Maximum likelihood phylogenetic estimation from DNA sequences with variable rates over sites: Approximate methods https://link.springer.com/article/10.1007%2FBF00160154

"There have been many attempts to account for such rate variation in phylogenetic analy- sis. Two approaches are taken. The first assumes that rates over sites are random variables drawn from a con- tinuous distribution; for example, Nei and Gojobori (1986), Jin and Nei (1990), Li et al. (1990), and Tamu- ra and Nei (1993) used the gamma distribution for rates over sites when they constructed estimators of the dis- tance between two sequences. The second approach us- es several categories of rates. The simplest model of this sort assumes that a proportion of sites are invariable while others are changing at a constant rate (e.g., Hasegawa et al. 1985; Palumbi 1989; Hasegawa and Ho- rai 1991). In accounting for the extreme rate hetero- geneity of the control region of the human mtDNA, Hasegawa et al. (1993) adopted a three-rate-category model, wherein some sites are assumed to be invariable while others are either moderately or highly variable. Biologically, a continuous distribution may seem to be more reasonable, and indeed, when fitting several models to the control region of human mtDNAs, Wake- ley (1993) found that a two-rate-category model could not fit the data properly, while the fit of a gamma dis- tribution was statistically acceptable"
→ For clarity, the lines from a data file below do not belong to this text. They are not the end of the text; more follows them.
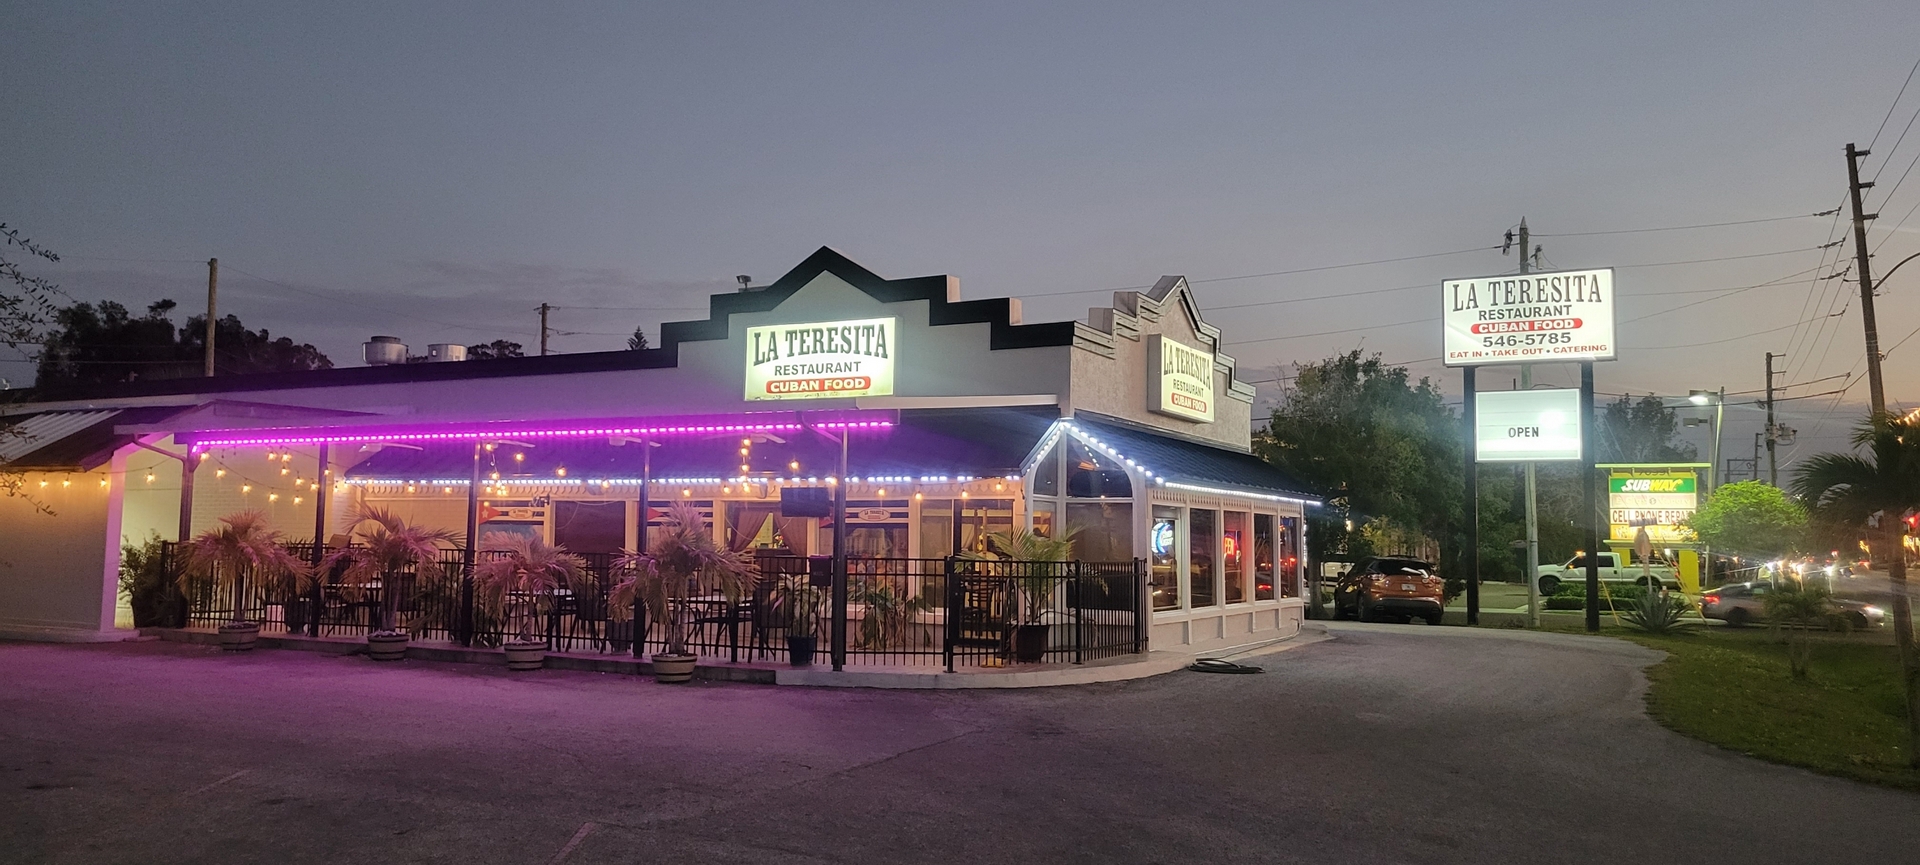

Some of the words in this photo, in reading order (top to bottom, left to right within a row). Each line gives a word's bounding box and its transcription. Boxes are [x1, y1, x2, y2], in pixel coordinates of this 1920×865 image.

[1453, 282, 1479, 312] LA
[1487, 274, 1602, 306] TERESITA
[1478, 304, 1572, 321] RESTAURANT
[1478, 320, 1529, 333] CUBAN
[1534, 319, 1574, 331] FOOD
[753, 330, 779, 366] LA
[785, 324, 888, 359] TERESITA
[1483, 332, 1572, 348] 546-5785
[1450, 351, 1469, 359] EAT
[1492, 349, 1518, 357] TAKE
[1553, 344, 1607, 354] CATERING
[774, 361, 862, 376] RESTAURANT
[1163, 342, 1174, 376] LA
[1175, 346, 1211, 391] TERESITA
[770, 380, 820, 392] CUBAN
[824, 378, 866, 390] FOOD
[1172, 378, 1204, 398] RESTAURANT
[1174, 394, 1191, 408] CUBAN
[1193, 399, 1205, 412] FOOD
[1508, 426, 1540, 438] OPEN
[1621, 479, 1683, 492] SUBWAY
[1612, 510, 1630, 523] CELL
[1665, 510, 1691, 523] REPA
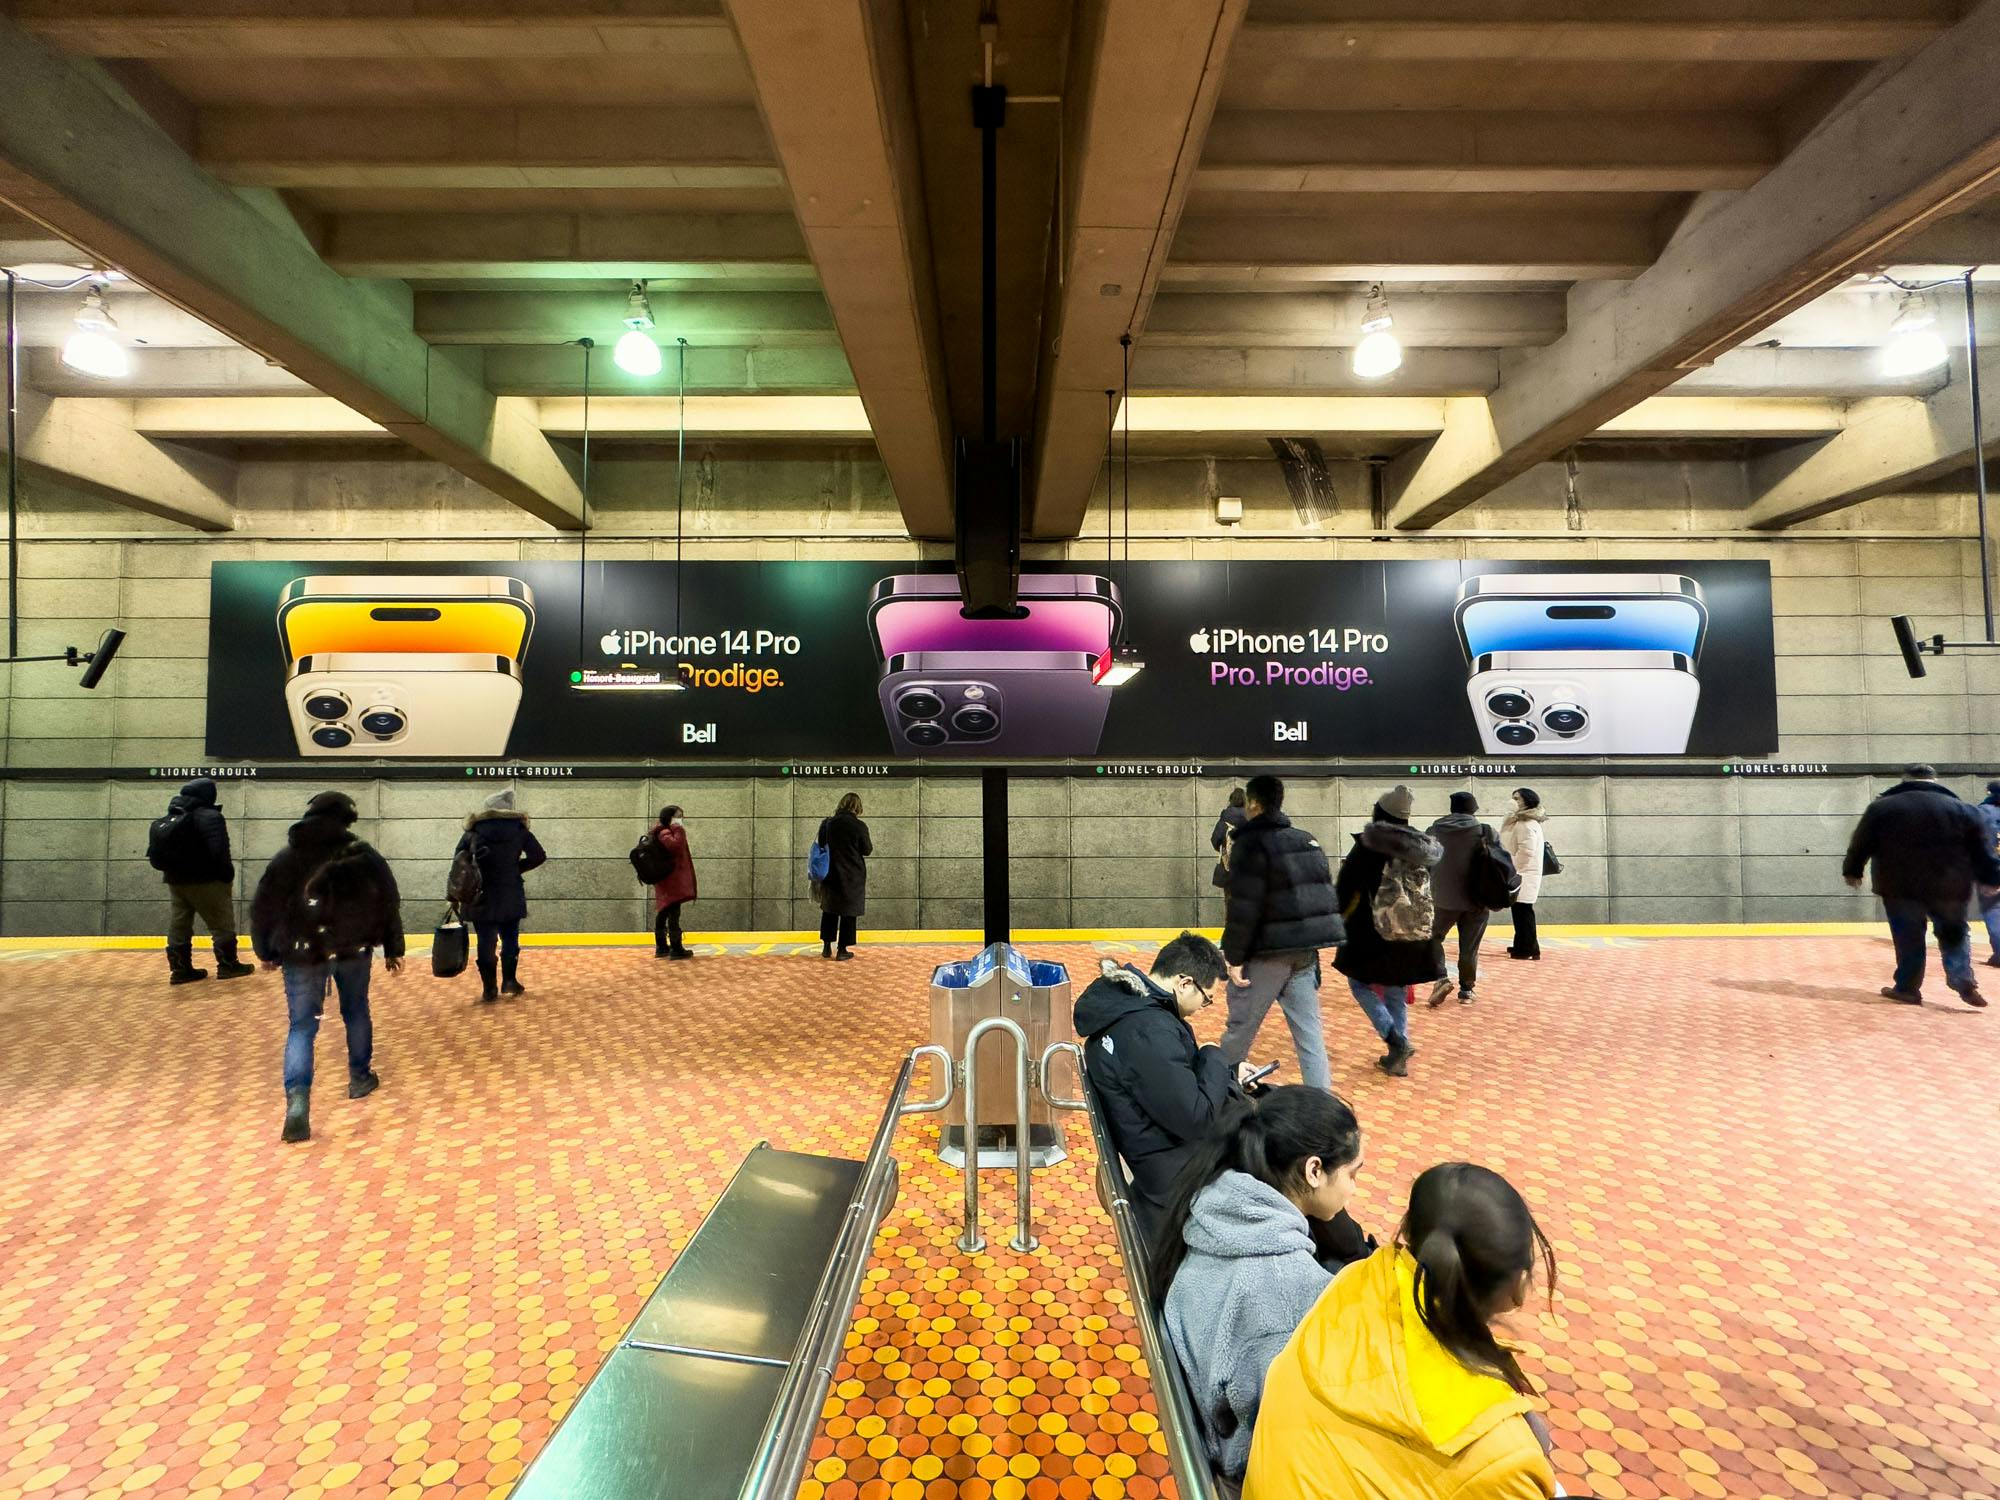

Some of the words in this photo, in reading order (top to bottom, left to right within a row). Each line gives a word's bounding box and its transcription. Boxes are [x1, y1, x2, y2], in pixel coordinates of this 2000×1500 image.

[624, 630, 717, 655] iPhone
[720, 630, 750, 655] 14
[756, 630, 801, 655] Pro
[1212, 629, 1305, 654] iPhone
[1308, 629, 1338, 654] 14
[1343, 629, 1389, 654] Pro
[1210, 661, 1261, 686] Pro.
[1266, 661, 1374, 691] Prodige.
[683, 723, 717, 743] Bell
[1274, 721, 1308, 741] Bell
[161, 768, 257, 776] LIONEL-GROULX
[477, 768, 573, 776] LIONEL-GROULX
[792, 766, 889, 775] LIONEL-GROULX
[1108, 765, 1204, 774] LIONEL-GROULX
[1421, 765, 1517, 774] LIONEL-GROULX
[1733, 764, 1828, 773] LIONEL-GROULX
This paper is mostly about discrete approximations of the gamma distribution which when used make for a much faster method for estimating phylogenies that have gamma-distributed rate variation. However, for simulations it seems that using a continuous distribution would be most appropriate.

1. Describe a continuous distribution of site rates using a single parameter gamma distribution.
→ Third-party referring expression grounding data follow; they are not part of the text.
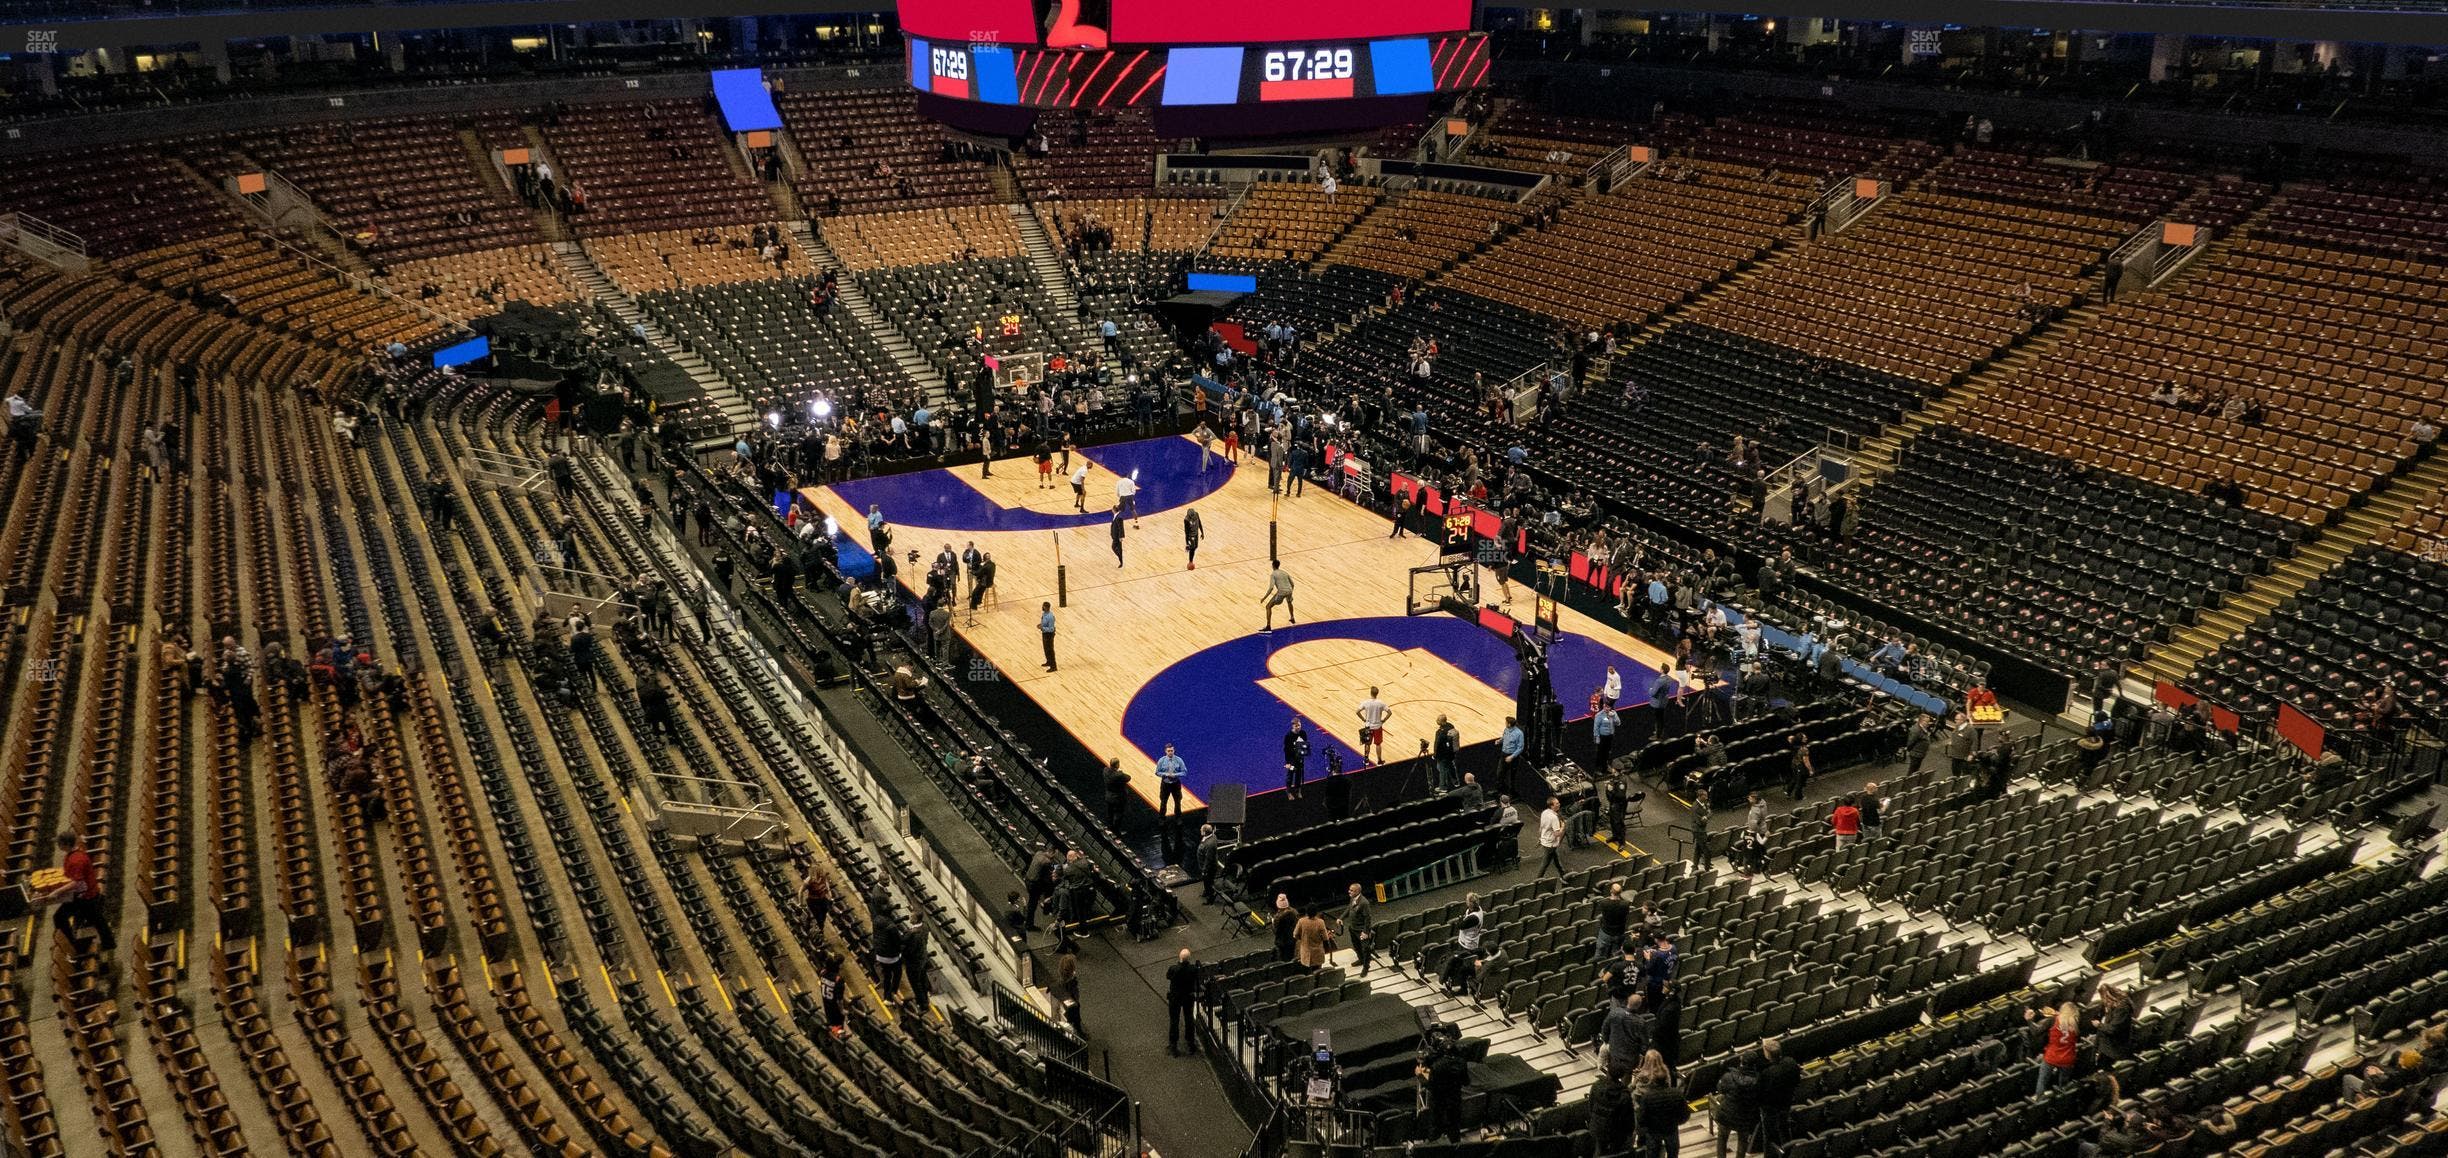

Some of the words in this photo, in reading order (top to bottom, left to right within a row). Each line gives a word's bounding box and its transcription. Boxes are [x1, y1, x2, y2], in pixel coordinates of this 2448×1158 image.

[933, 48, 968, 80] 67:29
[1264, 49, 1353, 82] 67:29
[847, 69, 860, 78] 114
[625, 80, 640, 88] 113
[329, 98, 344, 107] 112
[8, 129, 21, 139] 111
[1003, 323, 1018, 335] 24
[1446, 516, 1470, 528] 67:28
[1448, 527, 1468, 544] 24
[1746, 839, 1753, 849] 2
[1623, 972, 1637, 985] 23
[821, 984, 834, 1000] 15
[2060, 1030, 2069, 1044] 2
   # get a 1-d array of rates to multiply mutation rate
   rates = np.random.gamma(alpha, size=nsites)

2. Allow the jsubstitute() function to accept a 1-d array of rates equal in length to the array of sites. Multiply each site by its rate within the function.

jsubstitute(pseq, probmats, rates):
    ...
    for site, rate in zip(ns, rates):
        ...

3. Similarly implementing invariant sites should be easy. default arg is None, no invariant sites. Accept values between 0 and 1. Use binomial to randomly apply mask to sites to set multiplier to zero.

   
   # get 1-d boolean array to mask invariant sites
   mask = np.random.binomial(n=1, p=invprob, size=nsites).astype(bool)

set rates to zero at invariant sites

rates[mask] = 0

4. Implement gamma and invariant arg in `substitution_kwargs`:
default gamma arg is None, no gamma rate variation, which generates an array of 1s as the rates. Invariant masking can still apply on top of this.

[eaton-lab]

This raises an interesting opportunity, actually, that you could input a custom site rate vector. For example, higher rates on every third site to represent codons, or a concave curved rate vector to represent UCE rate variation. The latter is particularly intriguing...

[eaton-lab]

Done.